Going local? Just add water

Katie Fanuko, Associate Editor

aquaponic lettuce

A fluorescent glow emanating from the Corner Store at the University of Montana in Missoula, Mont., not only draws students for a bite to eat but also for a lesson in alternative farming.

The school installed a 200-gallon aquaponics system in January to grow nutrient-rich, leafy greens. In the self-contained ecosystem, locally caught perch add nitrogen to the water, which is absorbed by Swiss chard and other plants that grow on vertical towers with their roots in the medium and their leaves exposed to the air—almost like ivy on a fence pole. The roots absorb nutrients and filter the water, cleaning it to sustain the fish.

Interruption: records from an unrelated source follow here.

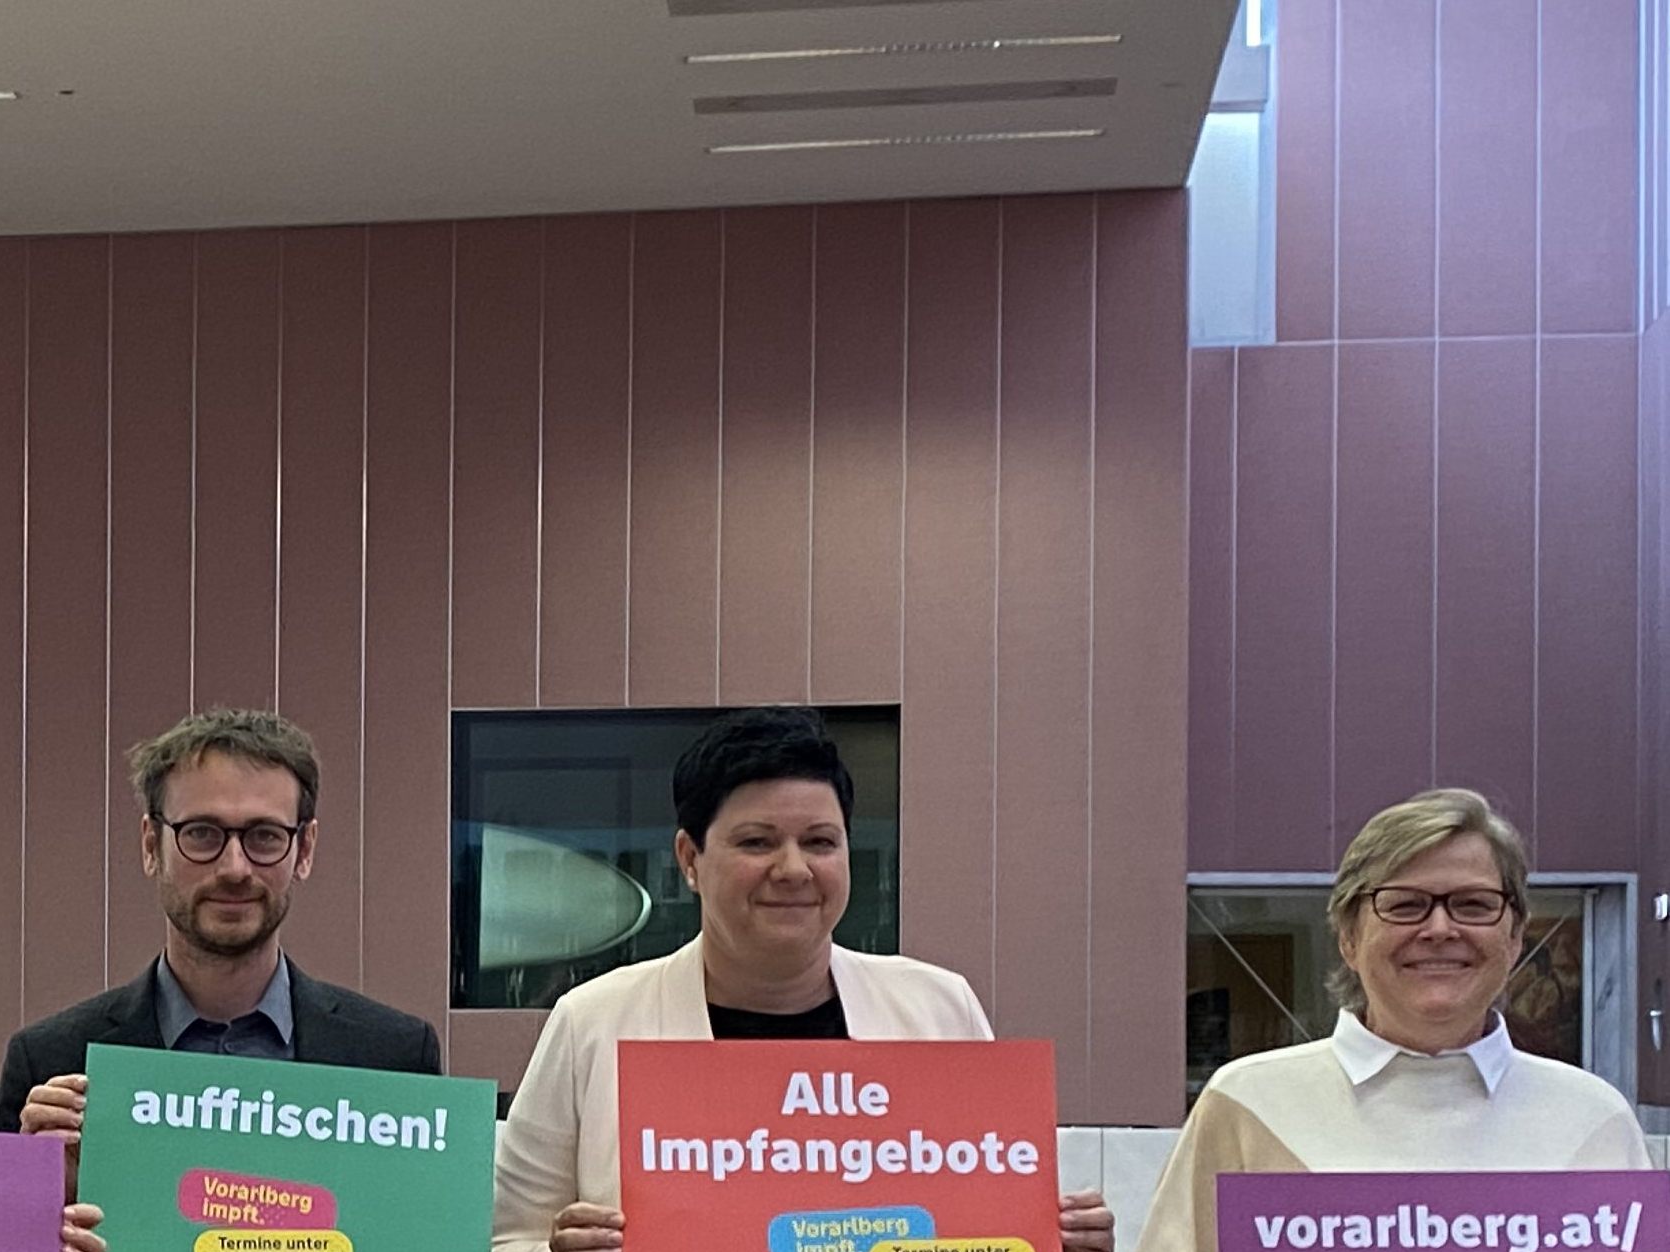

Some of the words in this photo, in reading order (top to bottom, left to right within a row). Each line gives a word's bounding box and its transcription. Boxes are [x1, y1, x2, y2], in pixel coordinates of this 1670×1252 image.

[781, 1071, 890, 1117] Alle
[132, 1086, 448, 1152] auffrischen!
[641, 1128, 1040, 1183] Impfangebote
[202, 1175, 314, 1213] Vorarlberg
[202, 1199, 266, 1226] impft.
[218, 1236, 282, 1250] Termine
[286, 1237, 330, 1250] unter
[791, 1216, 910, 1239] Vorarlberg

LED lighting does the sun’s job.

“[We have] a strong commitment to sustainability and to local food buying,” says Natasha Hegman, garden manager at UM Dining. “It’s something that [students] value, and it contributes to the quality of food and services.”

The aquaponics system was developed by university alumnus Jeff Pernell to replace a setup he created as an independent-study project while still a student. His first iteration was designed to last two years—which it did—but the dining department wanted to replace it with a more durable system.

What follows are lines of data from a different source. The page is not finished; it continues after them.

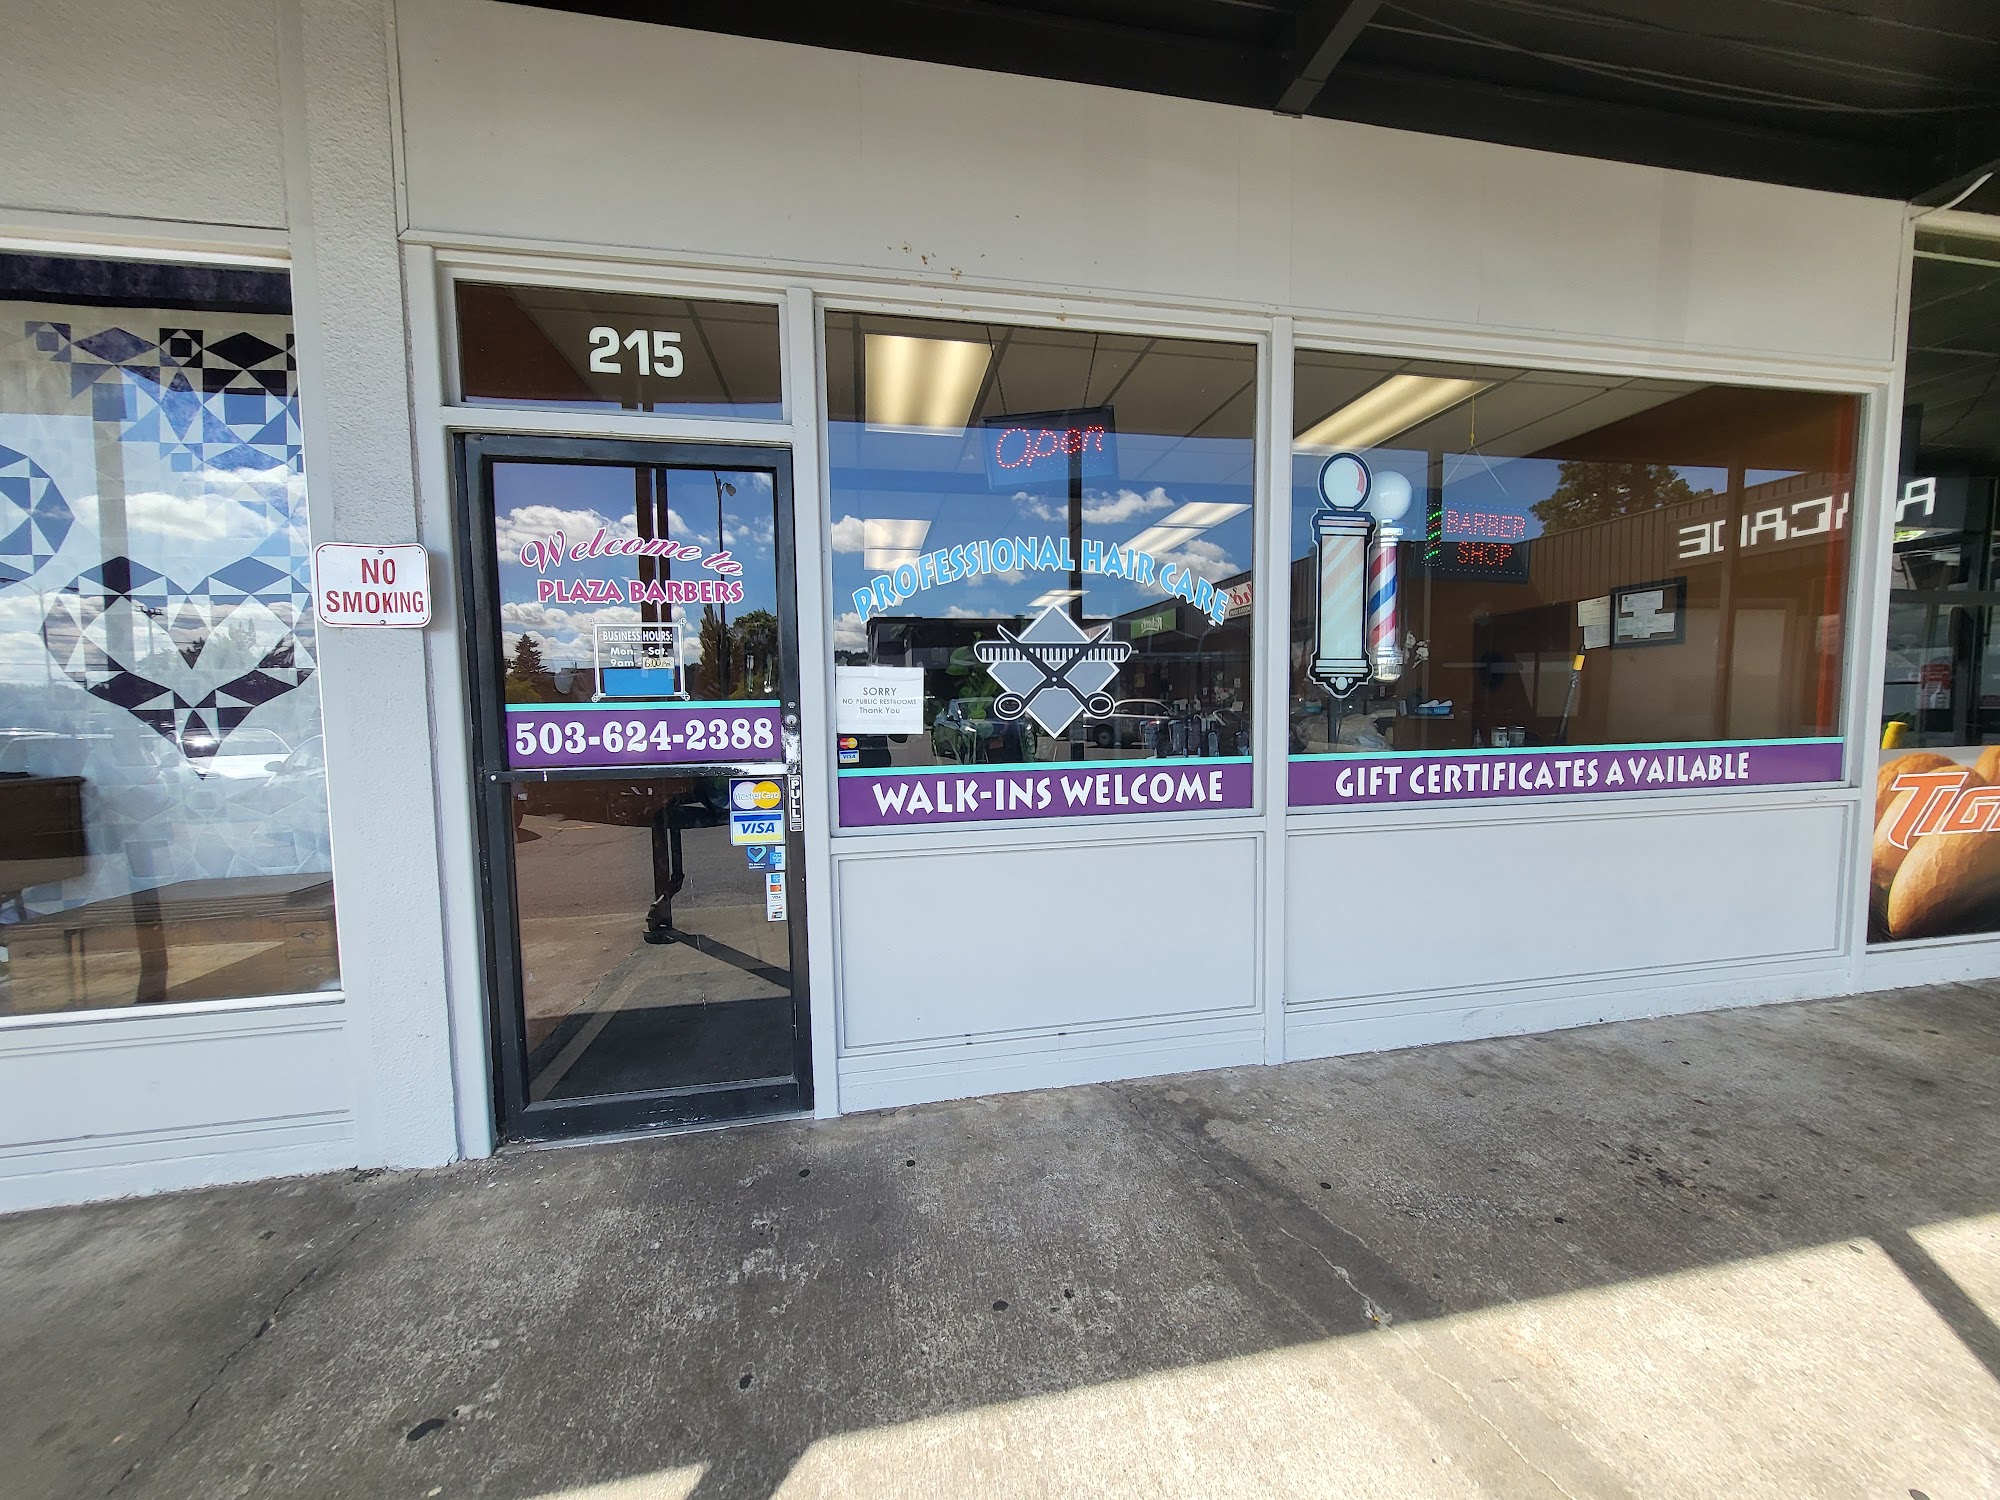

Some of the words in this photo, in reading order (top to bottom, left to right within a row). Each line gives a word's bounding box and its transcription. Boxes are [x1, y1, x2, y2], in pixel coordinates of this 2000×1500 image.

[588, 326, 684, 378] 215
[997, 426, 1105, 468] Open
[1446, 510, 1526, 538] BARBER
[520, 527, 703, 574] Welcome
[701, 550, 744, 577] to
[1457, 541, 1513, 566] SHOP
[361, 558, 396, 585] NO
[851, 535, 1076, 625] PROFESSIONAL
[1082, 538, 1155, 587] HAIR
[1159, 562, 1230, 626] CARE
[326, 590, 424, 614] SMOKING
[537, 579, 623, 604] PLAZA
[628, 579, 744, 604] BARBERS
[603, 630, 641, 641] BUSINESS
[642, 630, 673, 642] HOURS:
[610, 647, 637, 656] Mon.
[647, 647, 669, 656] Sat.
[610, 659, 635, 667] 9am
[863, 687, 897, 696] SORRY
[515, 718, 775, 755] 503-624-2388
[1335, 765, 1403, 798] GIFT
[1409, 758, 1599, 795] CERTIFICATES
[1605, 752, 1749, 787] AVAILABLE
[734, 791, 779, 801] MasterCard
[791, 779, 801, 818] PULL
[872, 776, 1052, 817] WALK-INS
[1059, 769, 1223, 808] WELCOME
[1888, 771, 2000, 850] TIG
[741, 822, 775, 835] VISA

Growing produce with aquaponics isn’t without a learning curve, according to the university. There were some challenges, such as adjusting the water’s pH balance and finding a mix of produce that can be harvested at different times to maintain the water’s nitrate level. “[The system] is getting tweaked, honed and changed,” says Rebecca Wade, director of health, nutrition and sustainability at UM Dining.

The school found that certain plants, including kale and Swiss chard, thrive in the setup. In late March, the first few heads of Swiss chard were harvested and sold at the dining department’s monthly farmers market. As more produce is harvested, UM Dining likely will use it on salad bars and in menu items, Hegman says.

Aside from the aquaponics system, Hegman also oversees a quarter-acre campus garden and a microgreens garden, which provide some produce to the dining halls. The campus-grown food has been warmly received by students, Hegman says. She adds that the effort has been a great way for UM Dining to foster a dialogue about sustainable food and health. “When food is being grown in front of your eyes, it sort of plays in the back of your mind that these foods are good for me,” Hegman says.